As conscious (and honestly pretty remarkable) beings, we have some firmly held believes that are inaccurate.

  • We all think we're "the shit." Thinking that we're correct in nearly everything we do and say. 
  • We believe we don't change our minds a lot, imagining we are the same person we have been for a long time. 
  • We think that our thoughts align with what we act like.

I want to dive deeper into those beliefs and discuss how writing (yes, the simple act of writing) can help mitigate some of the faulty premises we have.

Are you ready for the power of writing things down?

Thinking clearly

Writing helps you to look at your thoughts more clearly. Instead of ideas echoing each other in your mind, you can look at them from another perspective. You can look at them again, again and again. The words will stay there.

This persistence of words means you can interact with them and think ABOUT your thoughts much better.

Your thoughts are not hindered by themselves; they don't get stuck in a recursive loop. Writing and then reading helps to separate the concepts into different parts. You are easing the load if you will. Thereby you are giving yourself time to look at each thought individually, written down in words.

Clear thoughts help you to make distinct, better, and more correct choices.
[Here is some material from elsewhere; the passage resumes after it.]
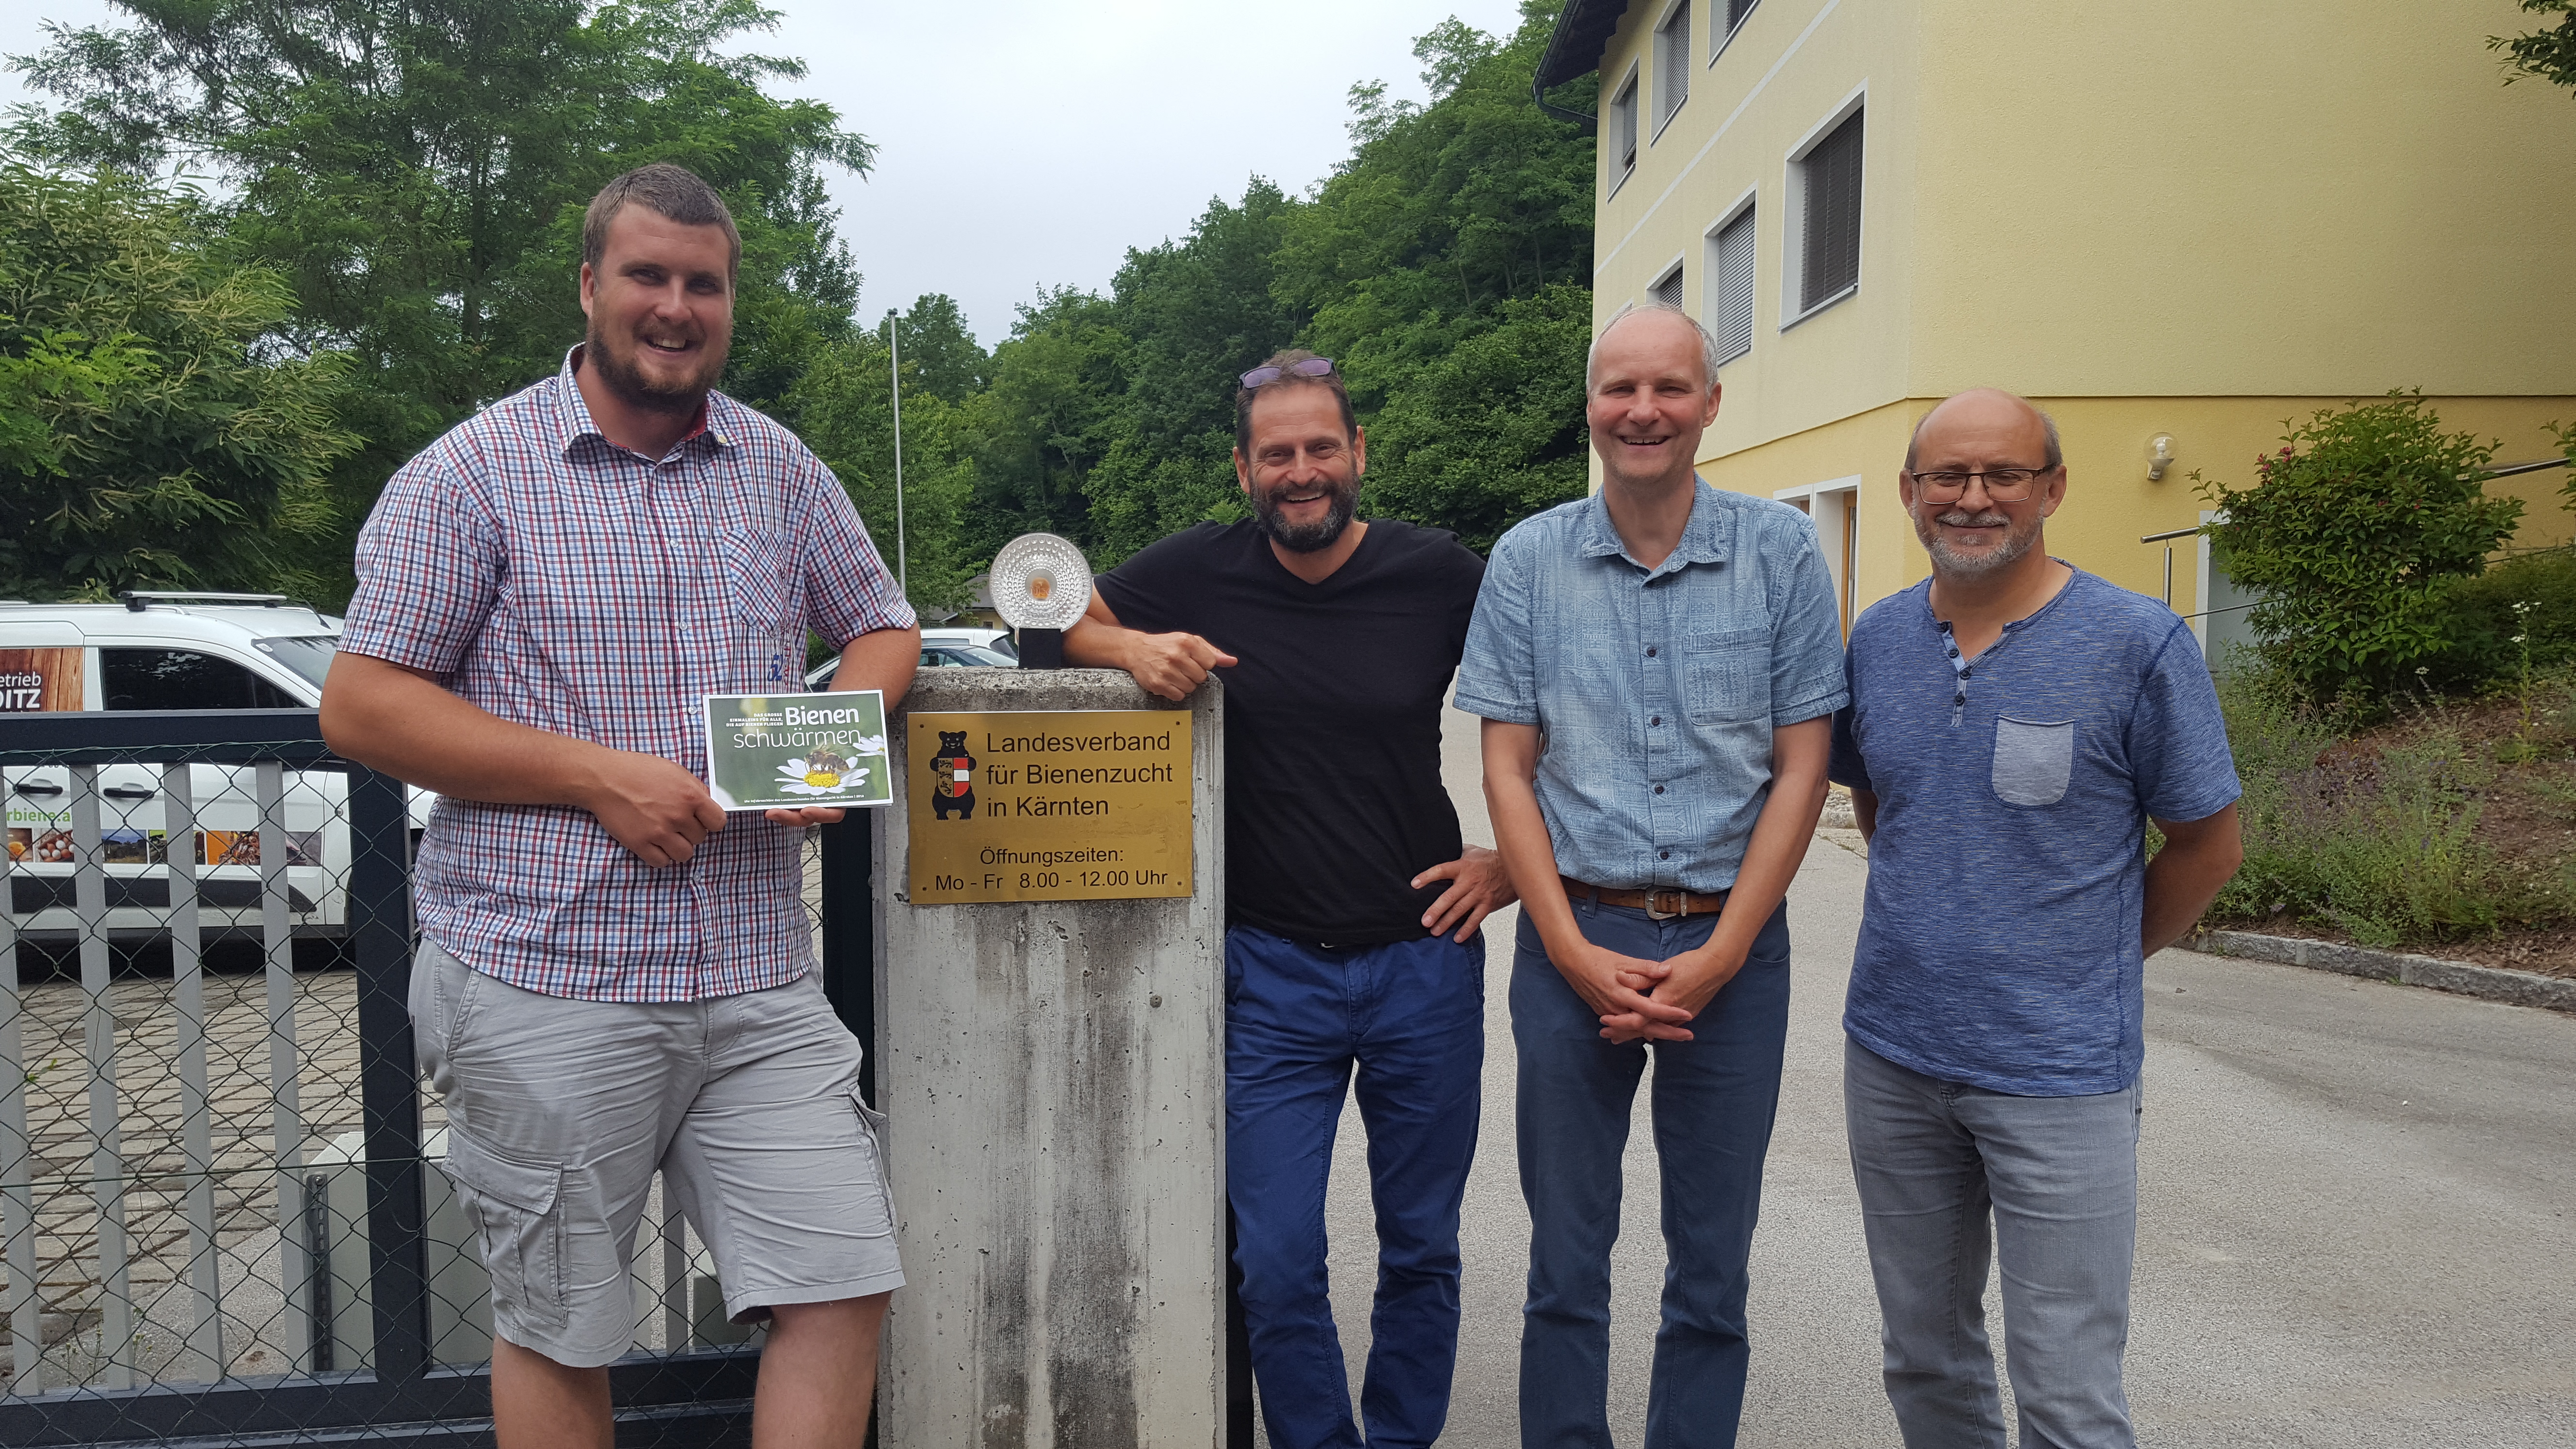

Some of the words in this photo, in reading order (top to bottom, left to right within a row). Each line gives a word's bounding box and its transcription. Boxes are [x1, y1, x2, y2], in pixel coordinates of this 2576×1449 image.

Photo by Javier Allegue Barros on Unsplash

Identity, changing mind

A second benefit of writing your thoughts down is that you can look back later. Be it the next minute, day, week, month, or even year. Looking back then enables you to see what you were thinking precisely at that time. There won't be a doubt about what you were thinking. 

This certainty is not there with only your memory, which is very fluid (especially when it comes to identity).

Being able to see what you wrote down a while ago can help you to look at what changes you went through. Primarily looking at yourself through a 3rd person view is compelling. Compelling in the sense that it is easier to see the journey you underwent.

Seeing your journey enables you to make choices congruent with your past, present, and ideas of the future.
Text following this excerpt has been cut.